La plateforme de Palantir « Investigative Case Management » en cause
Mais un document du département de la Sécurité intérieure, obtenu par le groupe de défense des droits des immigrés Mijente et relayé par The Intercept, contredit cette affirmation. Intitulé « Unaccompanied alien children human smuggling disruption initiative », il montre que des agents de la division ERO ont utilisé des technologies de Palantir dans le cadre d’une opération de mai 2017 dédiée à l’expulsion d’immigrés clandestins. Il s’agissait d’une opération collective entre l’ERO et la HSO.
Dans ce cadre, les agents ont pu dresser les profils d’enfants de familles immigrées pour l’arrestation et le jugement de leurs parents ou proches arrivés sur le territoire américain. Concrètement, lorsqu’un agent arrêtait un mineur, il consignait son arrivée dans un système appelé « Investigative Case Management » (ICM). Il s’agit d’une plateforme de gestion et de suivi de données développée par Palantir, à l’initative, justement, de l’ICE.
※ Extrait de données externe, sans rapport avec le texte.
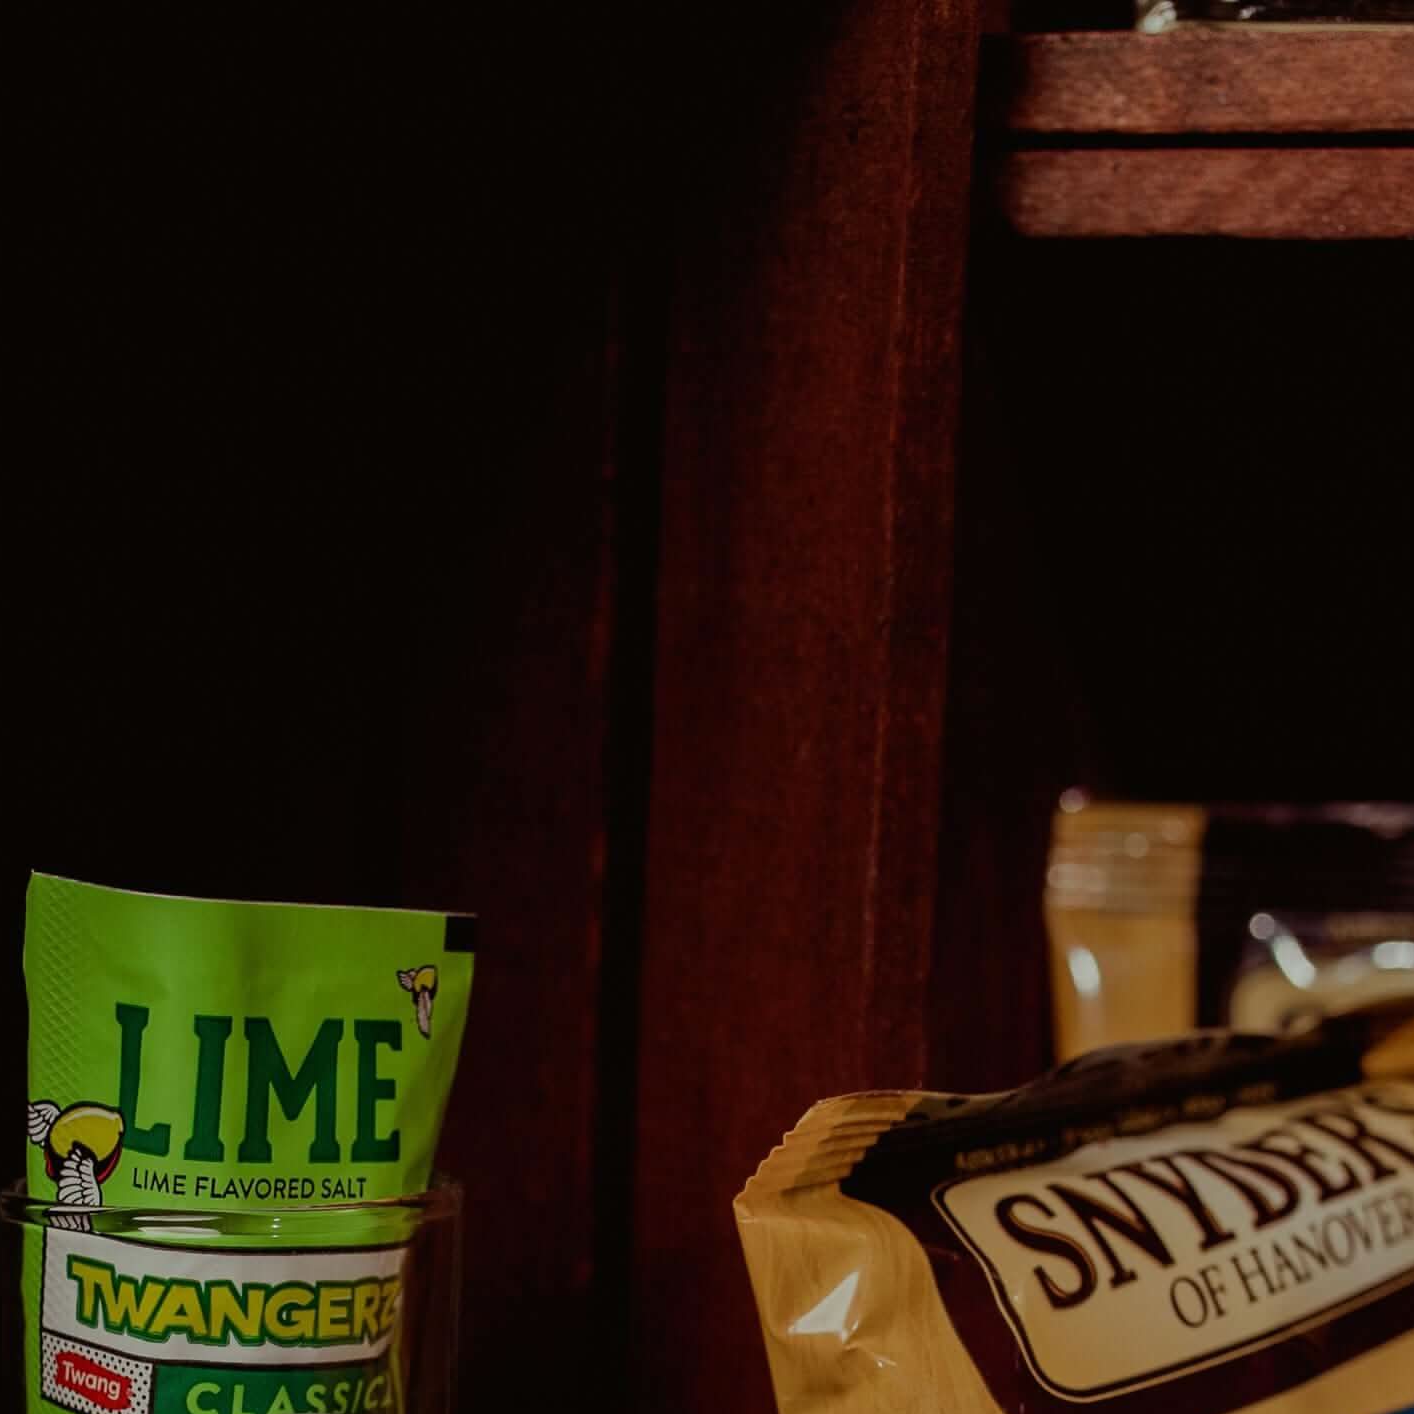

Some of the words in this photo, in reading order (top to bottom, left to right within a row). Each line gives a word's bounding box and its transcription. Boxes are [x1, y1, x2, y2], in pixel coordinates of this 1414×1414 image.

La Tech américaine face à la critique
Fondé par Peter Thiel, également cofondateur de PayPal et soutien de Donald Trump, Palantir a déjà travaillé avec des organismes fédéraux. Mais son implication dans des opérations d’expulsions d’immigrés clandestins intervient dans une période où les grands groupes de la Tech américaine font face à la critique du public quant à leurs rapports avec les organismes fédéraux. En janvier dernier, des actionnaires d’Amazon avaient par exemple réclamé l’arrêt de la vente de sa technologie de reconnaissance faciale Rekognition à des instances gouvernementales. A noter toutefois qu’Amazon pourrait remporter le méga-contrat cloud du Pentagone face à Microsoft. En octobre 2018, Google, un autre candidat majeur au contrat, avait renoncé à la course, indiquant qu’il pourrait être en contradiction avec ses « principes » en matière d’intelligence artificielle.
Basé à Palo Alto, Palantir a levé depuis sa création en 2004 un total de 2 milliards de dollars, dont un investissement en 2005 de In-Q-Tel (ex-Peleus), fonds américain créé et géré par la CIA. Récemment, le géant des logiciels a remporté la refonte du système de renseignement de l’armée américaine pour 800 millions de dollars. L’entreprise prévoit d’entrer en Bourse en 2019. Selon le Wall Street Journal en octobre 2018, sa valorisation pourrait atteindre près de 40 milliards de dollars, soit le double de sa dernière valorisation connue de 20 milliards de dollars en 2015.